Racconto di Gioia Gabelli
(Prima pubblicazione)
A quattordici anni, quando frequentavo le scuole superiori, ho smesso di vedere le cose con la luce negli occhi.
Non giocavo più con gli altri bambini e non volevo vedere nessuno. Ero tristemente obbligato a farlo, visto che dovevo svegliarmi per andare a scuola e questo presupponeva varie interazioni nel corso della giornata.
Le ore passavano tra i banchi e le uniche cose che mi davano piacere erano le spiegazioni della professoressa Aruki, dalla voce melodiosa, e la mia compagna di classe Yumie, della quale vedevo quasi esclusivamente la schiena, visto che sedeva davanti a me. Amavo il suo modo di tirarsi indietro i capelli, la forma del suo busto, la sua vita stretta e le spalle magre, e il suo stare del tutto scomposta sul banco. Non avevo il coraggio di parlarle, per cui non sapevo praticamente niente di lei. Si rompeva di ascoltare le lezioni? Quanto tempo passava sui libri?
Ogni tanto la vedevo, prima delle lezioni, mentre correva con la sua cartellina verso l’entrata della scuola e, quando succedeva, era perchéé in quelle rare volte ero in ritardo anche io.
Io mi svegliavo molto prima di lei, perchéé abitavo lontano ed ero obbligato a prendere un autobus per arrivare in città.
Questo era una fortuna per me, perché significava che potevo uscire di casa all’alba.
La mattina è sempre stato il mio momento preferito della giornata, quello in cui mi tornavano ancora a brillare gli occhi e di cui assaporavo ogni istante. Tutti dormivano ancora, in casa: io mi svegliavo che era ancora notte, neanche una luce filtrava dalla finestra della mia camera.
Nel più totale silenzio e nella più totale oscurità, mi preparavo e mi vestivo.
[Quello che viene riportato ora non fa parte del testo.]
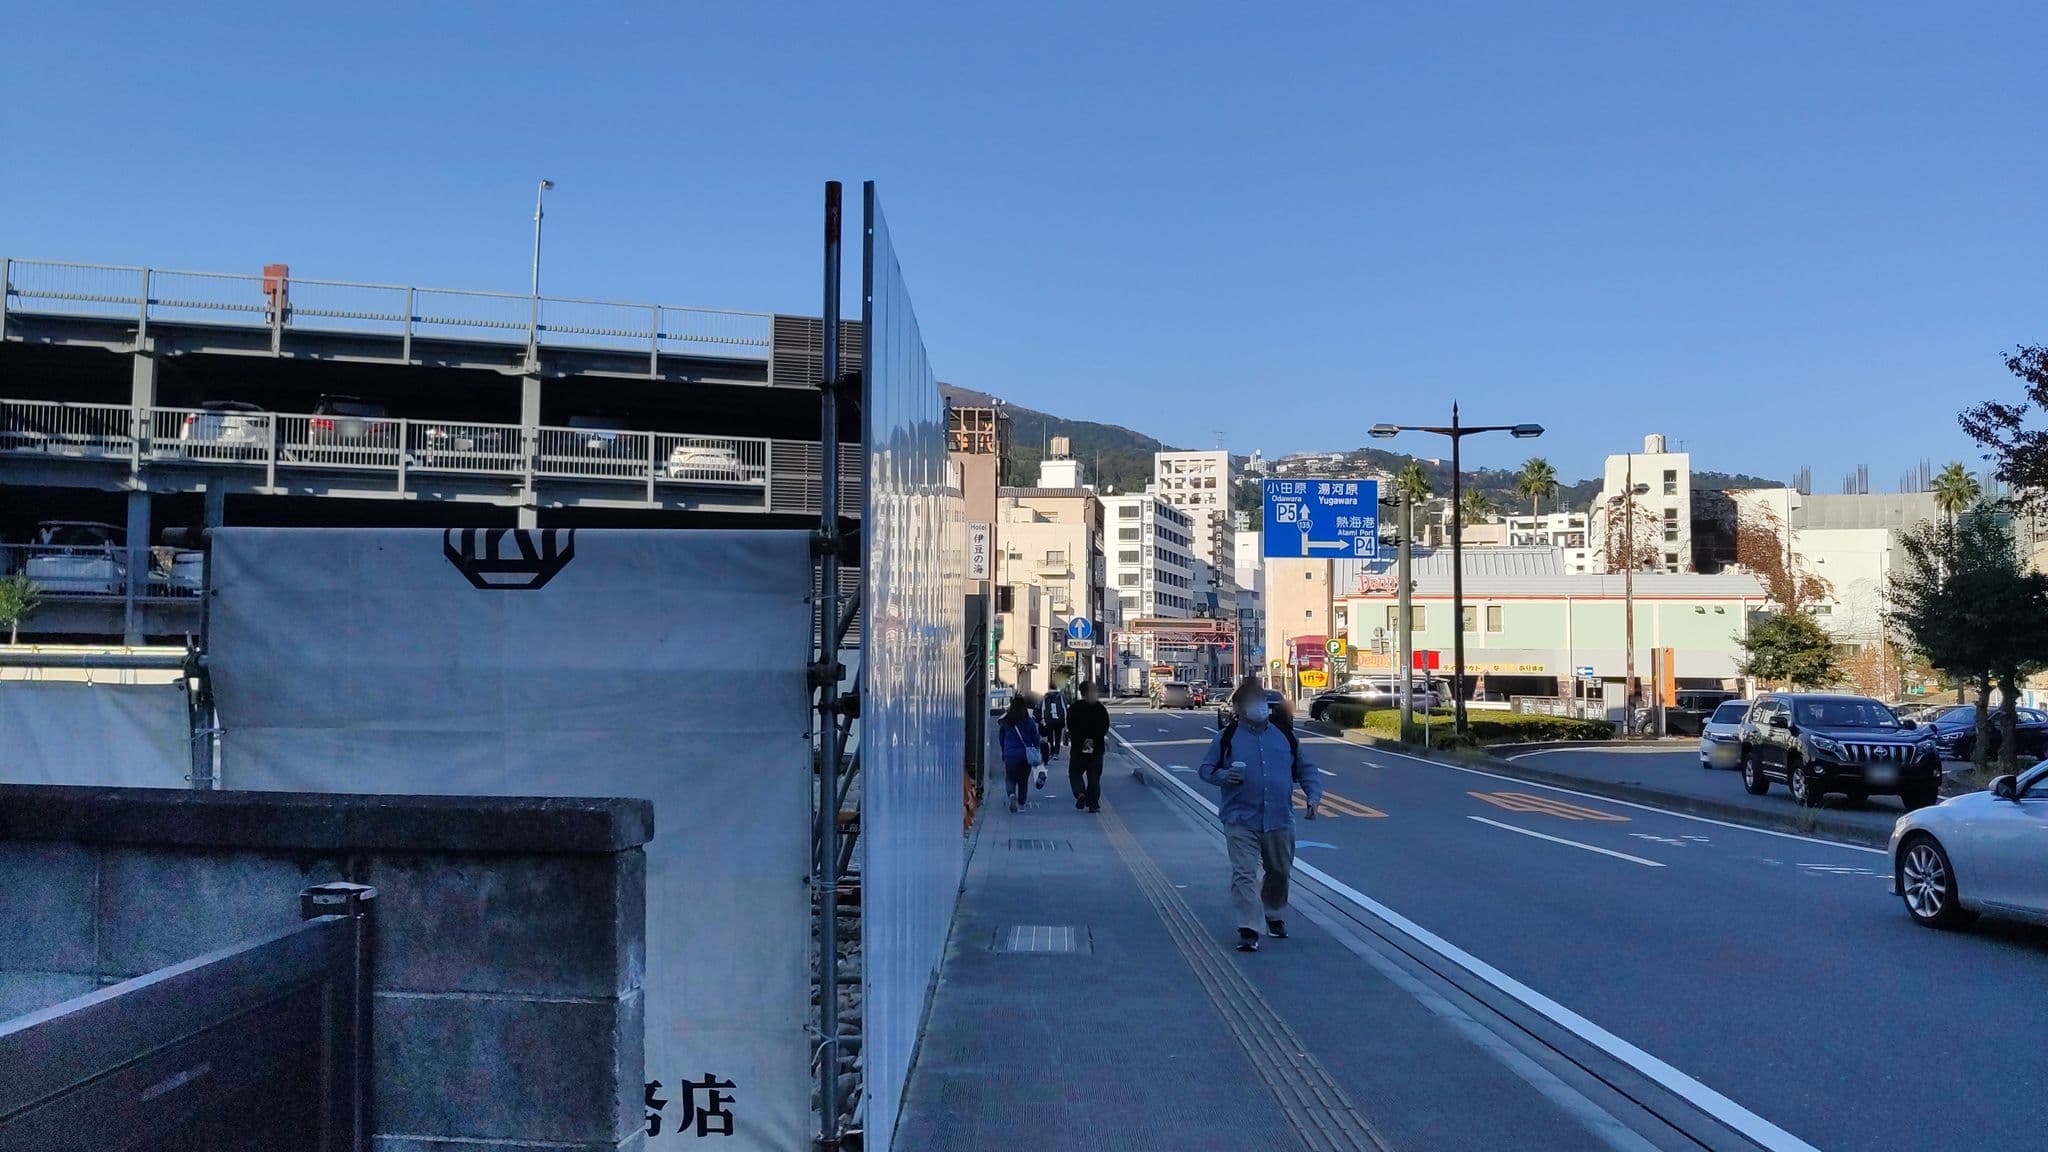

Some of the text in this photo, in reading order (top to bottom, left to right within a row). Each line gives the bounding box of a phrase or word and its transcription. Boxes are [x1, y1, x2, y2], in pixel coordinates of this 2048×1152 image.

[1267, 482, 1307, 495] 小田原
[1318, 483, 1358, 495] 湯河原
[1271, 494, 1302, 503] Odawara
[1318, 497, 1358, 506] Yugawara
[1278, 504, 1296, 521] P5
[970, 523, 987, 531] Hotel
[1299, 521, 1310, 529] 135
[1336, 516, 1375, 528] 熱海港
[1337, 529, 1375, 537] Atami Port
[1356, 538, 1373, 555] P4
[973, 533, 985, 574] 伊豆の海
Quando uscivo, camminavo guardando oltre i tetti e oltre i monti il cielo che si tingeva di rosa. Era freddo e l’aria profumava, e pensavo che questo miracolo di una luce color pastello che lentamente inonda tutte le vie fosse lì solo per me, che ero l’unica anima che vagava per le strade del mio paese. Un giorno una folata mi scosse lievemente i capelli. Continuai a guardarmi attorno, per vedere chi altri sarebbe arrivato, chi sarebbe uscito di casa a quell’ora, ma come al solito non c’era nessuno.
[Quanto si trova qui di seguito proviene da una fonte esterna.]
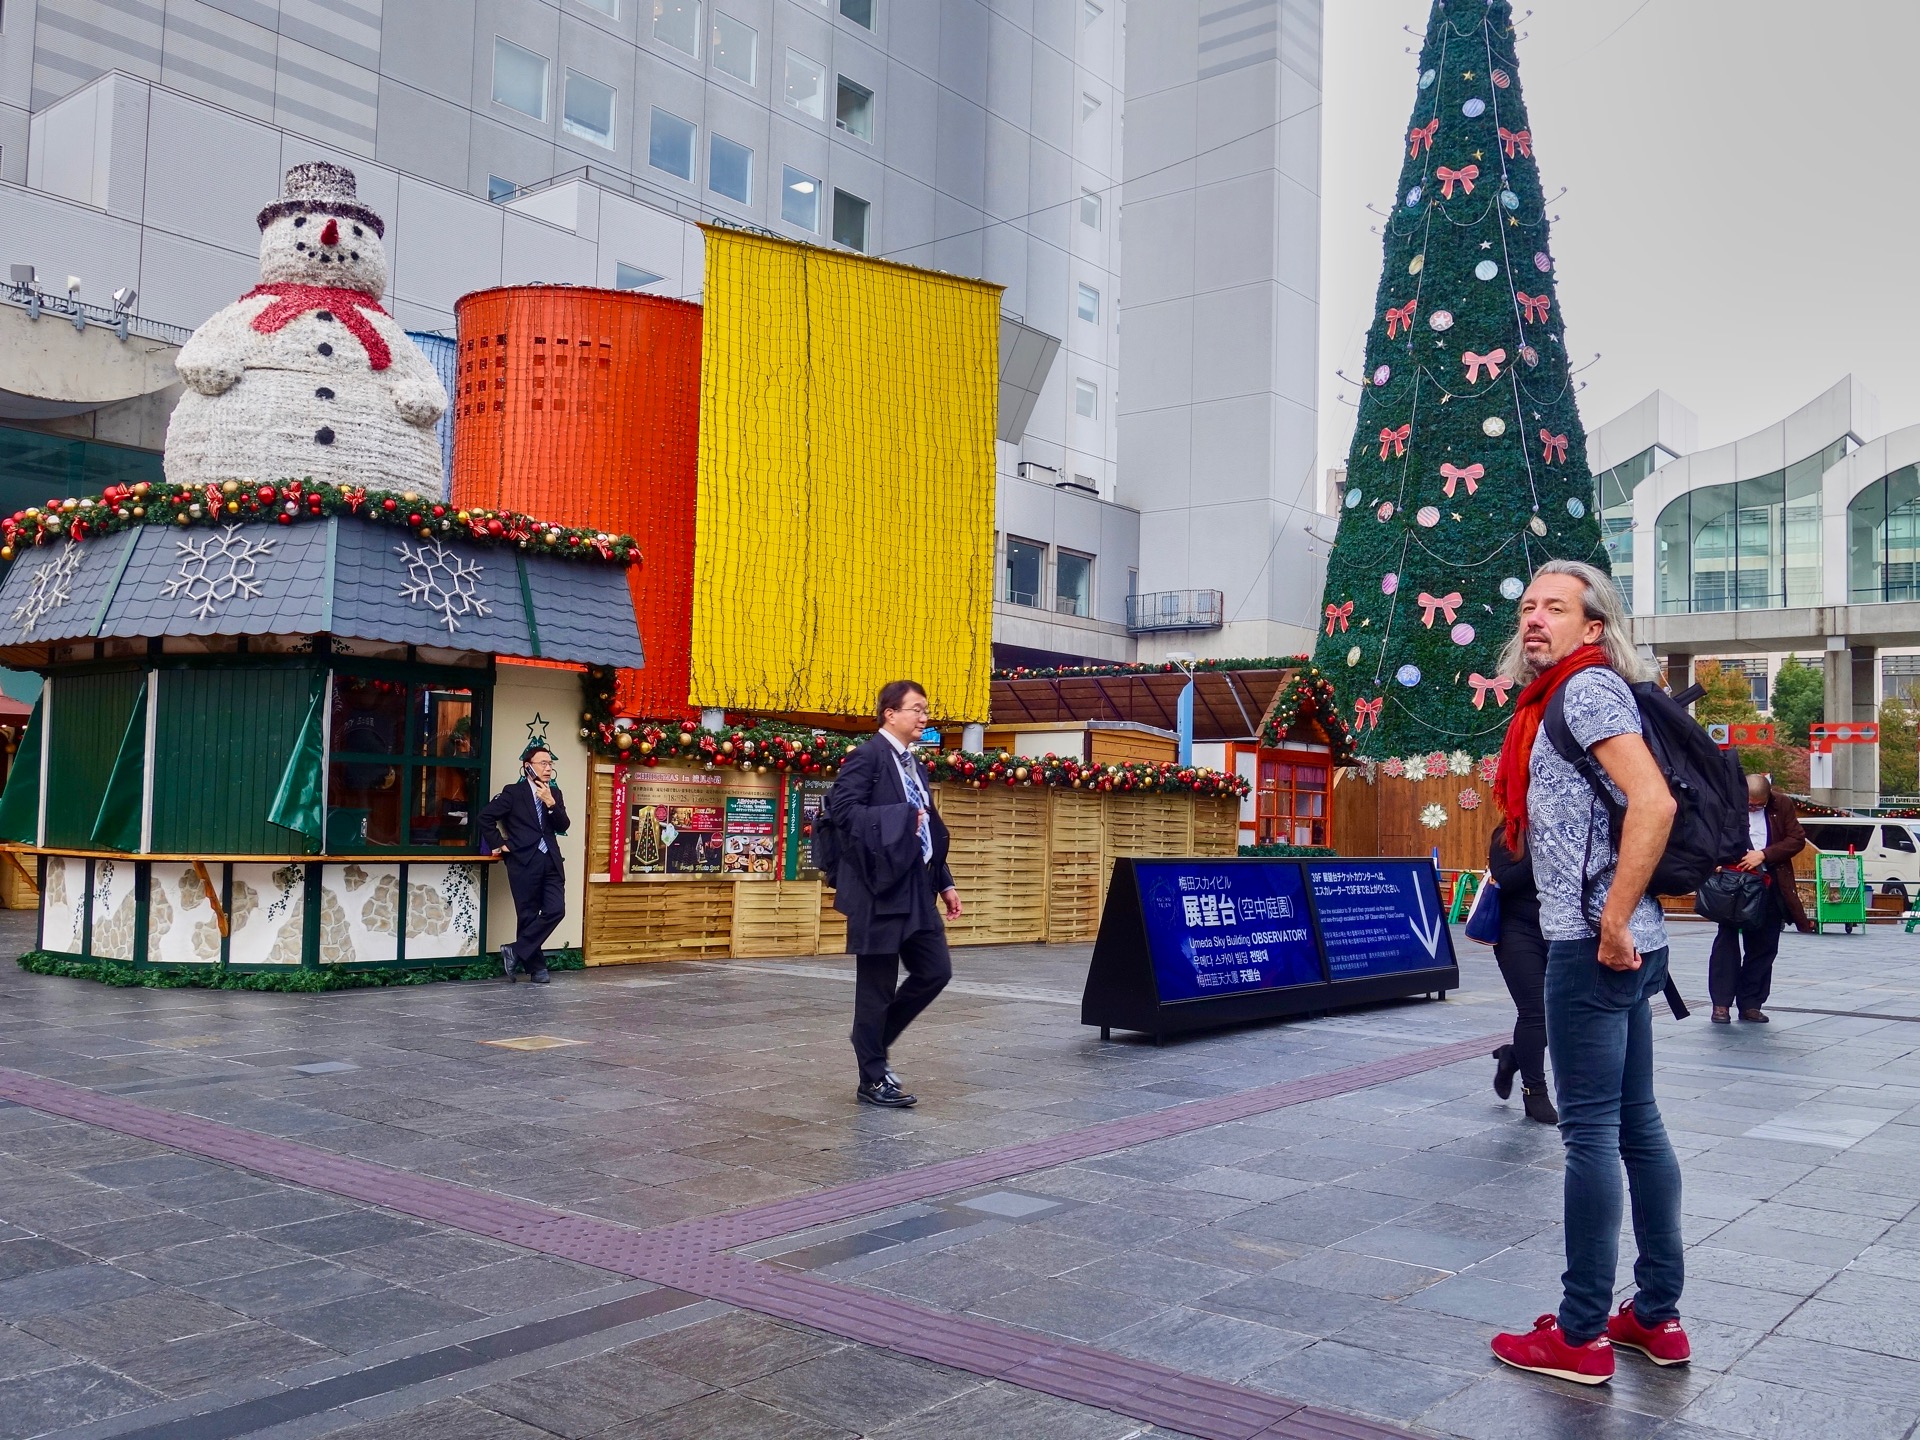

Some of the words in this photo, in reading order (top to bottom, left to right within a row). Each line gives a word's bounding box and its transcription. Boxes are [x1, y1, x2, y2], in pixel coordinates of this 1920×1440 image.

[1178, 875, 1232, 891] 梅田スカイビル
[1189, 936, 1213, 949] Umeda
[1213, 936, 1226, 949] Sky
[1226, 934, 1251, 947] Building
[1251, 929, 1308, 945] OBSERVATORY
Guardai in basso e qualcosa di particolarmente brillante, come ricoperto di gemme, attirò la mia attenzione. Mi inginocchiai. Gli steli d’erba bagnati che crescevano ai lati della strada asfaltata reggevano una ragnatela tempestata di gocce di rugiada. Era un’opera d’arte, un ricamo perfetto. Sembrava che ogni singola goccia fosse fatta passare attraverso i fili come fanno gli artigiani con le collane di perle. Davvero una meravigliosa tessitura. Nessun essere umano avrebbe fatto di meglio. Mi venne in mente Yumie e mi ricordai che, quando si tirava indietro i capelli, potevo vedere degli orecchini perlacei a forma di goccia attaccati ai suoi lobi, sicuramente costosi, ma non erano perfetti come quelle gocce di rugiada infilate nella ragnatela immobile. E poi pensai a lei che correva verso l’entrata con la cartellina.
“Accidenti” pensai, “sono stato qui troppo tempo, avrò perso l’autobus.” Mi venne da sorridere.
“Entrerò a scuola con Yumie.”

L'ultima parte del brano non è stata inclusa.